## What the task requires:
Would you repeat all the lines below, exactly as they stand?
• • • • •
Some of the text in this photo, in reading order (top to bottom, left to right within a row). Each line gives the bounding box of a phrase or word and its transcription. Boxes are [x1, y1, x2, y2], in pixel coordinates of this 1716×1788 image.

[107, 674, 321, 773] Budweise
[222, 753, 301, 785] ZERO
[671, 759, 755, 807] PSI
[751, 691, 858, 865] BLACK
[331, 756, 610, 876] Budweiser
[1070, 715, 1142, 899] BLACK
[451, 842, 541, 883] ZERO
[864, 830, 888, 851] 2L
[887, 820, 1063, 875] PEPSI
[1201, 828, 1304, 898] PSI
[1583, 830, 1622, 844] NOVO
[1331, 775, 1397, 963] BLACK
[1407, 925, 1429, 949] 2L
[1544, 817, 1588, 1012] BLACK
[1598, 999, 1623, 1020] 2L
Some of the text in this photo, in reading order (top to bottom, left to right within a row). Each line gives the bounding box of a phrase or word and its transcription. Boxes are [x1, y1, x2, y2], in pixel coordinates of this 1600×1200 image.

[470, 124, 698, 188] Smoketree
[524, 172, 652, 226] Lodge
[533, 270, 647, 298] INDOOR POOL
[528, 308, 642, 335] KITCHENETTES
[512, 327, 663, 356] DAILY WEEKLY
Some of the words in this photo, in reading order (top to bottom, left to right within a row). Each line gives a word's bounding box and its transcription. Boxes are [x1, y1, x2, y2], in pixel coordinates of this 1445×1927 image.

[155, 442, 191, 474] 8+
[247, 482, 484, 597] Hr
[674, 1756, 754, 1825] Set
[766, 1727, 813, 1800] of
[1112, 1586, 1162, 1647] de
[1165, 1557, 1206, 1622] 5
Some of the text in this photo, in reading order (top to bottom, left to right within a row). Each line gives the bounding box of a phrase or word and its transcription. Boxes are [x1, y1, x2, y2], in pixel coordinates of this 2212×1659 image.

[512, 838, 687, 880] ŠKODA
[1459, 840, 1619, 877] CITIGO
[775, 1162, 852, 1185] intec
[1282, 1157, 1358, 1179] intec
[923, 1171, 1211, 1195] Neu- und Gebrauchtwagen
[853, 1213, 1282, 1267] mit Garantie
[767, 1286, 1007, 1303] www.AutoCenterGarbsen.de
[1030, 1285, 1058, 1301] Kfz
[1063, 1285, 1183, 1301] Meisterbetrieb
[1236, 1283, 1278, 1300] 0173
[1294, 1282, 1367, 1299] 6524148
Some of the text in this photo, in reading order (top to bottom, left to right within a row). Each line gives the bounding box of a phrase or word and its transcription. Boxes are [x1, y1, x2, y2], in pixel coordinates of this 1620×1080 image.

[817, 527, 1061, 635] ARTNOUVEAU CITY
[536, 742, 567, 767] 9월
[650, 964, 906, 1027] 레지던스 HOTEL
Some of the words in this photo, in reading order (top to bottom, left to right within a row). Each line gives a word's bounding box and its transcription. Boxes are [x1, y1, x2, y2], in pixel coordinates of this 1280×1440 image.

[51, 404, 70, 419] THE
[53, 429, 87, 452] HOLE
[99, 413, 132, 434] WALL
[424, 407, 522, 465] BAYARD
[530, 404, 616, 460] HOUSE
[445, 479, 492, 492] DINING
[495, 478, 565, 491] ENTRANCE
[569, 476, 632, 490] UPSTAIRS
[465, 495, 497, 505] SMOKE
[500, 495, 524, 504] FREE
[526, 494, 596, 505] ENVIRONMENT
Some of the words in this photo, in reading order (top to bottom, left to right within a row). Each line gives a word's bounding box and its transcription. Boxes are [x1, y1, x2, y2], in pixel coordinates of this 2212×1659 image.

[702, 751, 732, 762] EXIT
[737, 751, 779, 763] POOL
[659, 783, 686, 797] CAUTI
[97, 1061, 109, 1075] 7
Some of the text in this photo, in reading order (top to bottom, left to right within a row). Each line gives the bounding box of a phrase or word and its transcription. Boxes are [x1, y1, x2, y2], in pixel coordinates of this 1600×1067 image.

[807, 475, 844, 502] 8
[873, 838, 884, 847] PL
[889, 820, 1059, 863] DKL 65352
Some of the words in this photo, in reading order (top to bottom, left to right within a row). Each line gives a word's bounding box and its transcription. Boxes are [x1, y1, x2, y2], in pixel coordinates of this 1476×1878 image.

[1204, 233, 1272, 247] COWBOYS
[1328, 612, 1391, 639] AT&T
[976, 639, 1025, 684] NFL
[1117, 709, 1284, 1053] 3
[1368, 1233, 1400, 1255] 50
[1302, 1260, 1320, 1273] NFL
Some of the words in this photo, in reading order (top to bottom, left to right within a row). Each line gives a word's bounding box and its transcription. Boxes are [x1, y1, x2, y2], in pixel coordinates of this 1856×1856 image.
• • • • •
## Finished exercise:
Some of the text in this photo, in reading order (top to bottom, left to right within a row). Each line gives the bounding box of a phrase or word and its transcription. Boxes are [x1, y1, x2, y2], in pixel coordinates of this 1716×1788 image.

[107, 674, 321, 773] Budweise
[222, 753, 301, 785] ZERO
[671, 759, 755, 807] PSI
[751, 691, 858, 865] BLACK
[331, 756, 610, 876] Budweiser
[1070, 715, 1142, 899] BLACK
[451, 842, 541, 883] ZERO
[864, 830, 888, 851] 2L
[887, 820, 1063, 875] PEPSI
[1201, 828, 1304, 898] PSI
[1583, 830, 1622, 844] NOVO
[1331, 775, 1397, 963] BLACK
[1407, 925, 1429, 949] 2L
[1544, 817, 1588, 1012] BLACK
[1598, 999, 1623, 1020] 2L
Some of the text in this photo, in reading order (top to bottom, left to right within a row). Each line gives the bounding box of a phrase or word and its transcription. Boxes are [x1, y1, x2, y2], in pixel coordinates of this 1600×1200 image.

[470, 124, 698, 188] Smoketree
[524, 172, 652, 226] Lodge
[533, 270, 647, 298] INDOOR POOL
[528, 308, 642, 335] KITCHENETTES
[512, 327, 663, 356] DAILY WEEKLY
Some of the words in this photo, in reading order (top to bottom, left to right within a row). Each line gives a word's bounding box and its transcription. Boxes are [x1, y1, x2, y2], in pixel coordinates of this 1445×1927 image.

[155, 442, 191, 474] 8+
[247, 482, 484, 597] Hr
[674, 1756, 754, 1825] Set
[766, 1727, 813, 1800] of
[1112, 1586, 1162, 1647] de
[1165, 1557, 1206, 1622] 5
Some of the text in this photo, in reading order (top to bottom, left to right within a row). Each line gives the bounding box of a phrase or word and its transcription. Boxes are [x1, y1, x2, y2], in pixel coordinates of this 2212×1659 image.

[512, 838, 687, 880] ŠKODA
[1459, 840, 1619, 877] CITIGO
[775, 1162, 852, 1185] intec
[1282, 1157, 1358, 1179] intec
[923, 1171, 1211, 1195] Neu- und Gebrauchtwagen
[853, 1213, 1282, 1267] mit Garantie
[767, 1286, 1007, 1303] www.AutoCenterGarbsen.de
[1030, 1285, 1058, 1301] Kfz
[1063, 1285, 1183, 1301] Meisterbetrieb
[1236, 1283, 1278, 1300] 0173
[1294, 1282, 1367, 1299] 6524148
Some of the text in this photo, in reading order (top to bottom, left to right within a row). Each line gives the bounding box of a phrase or word and its transcription. Boxes are [x1, y1, x2, y2], in pixel coordinates of this 1620×1080 image.

[817, 527, 1061, 635] ARTNOUVEAU CITY
[536, 742, 567, 767] 9월
[650, 964, 906, 1027] 레지던스 HOTEL
Some of the words in this photo, in reading order (top to bottom, left to right within a row). Each line gives a word's bounding box and its transcription. Boxes are [x1, y1, x2, y2], in pixel coordinates of this 1280×1440 image.

[51, 404, 70, 419] THE
[53, 429, 87, 452] HOLE
[99, 413, 132, 434] WALL
[424, 407, 522, 465] BAYARD
[530, 404, 616, 460] HOUSE
[445, 479, 492, 492] DINING
[495, 478, 565, 491] ENTRANCE
[569, 476, 632, 490] UPSTAIRS
[465, 495, 497, 505] SMOKE
[500, 495, 524, 504] FREE
[526, 494, 596, 505] ENVIRONMENT
Some of the words in this photo, in reading order (top to bottom, left to right within a row). Each line gives a word's bounding box and its transcription. Boxes are [x1, y1, x2, y2], in pixel coordinates of this 2212×1659 image.

[702, 751, 732, 762] EXIT
[737, 751, 779, 763] POOL
[659, 783, 686, 797] CAUTI
[97, 1061, 109, 1075] 7
Some of the text in this photo, in reading order (top to bottom, left to right within a row). Each line gives the bounding box of a phrase or word and its transcription. Boxes are [x1, y1, x2, y2], in pixel coordinates of this 1600×1067 image.

[807, 475, 844, 502] 8
[873, 838, 884, 847] PL
[889, 820, 1059, 863] DKL 65352
Some of the words in this photo, in reading order (top to bottom, left to right within a row). Each line gives a word's bounding box and its transcription. Boxes are [x1, y1, x2, y2], in pixel coordinates of this 1476×1878 image.

[1204, 233, 1272, 247] COWBOYS
[1328, 612, 1391, 639] AT&T
[976, 639, 1025, 684] NFL
[1117, 709, 1284, 1053] 3
[1368, 1233, 1400, 1255] 50
[1302, 1260, 1320, 1273] NFL
Some of the words in this photo, in reading order (top to bottom, left to right within a row). Each line gives a word's bounding box and its transcription. Boxes are [x1, y1, x2, y2], in pixel coordinates of this 1856×1856 image.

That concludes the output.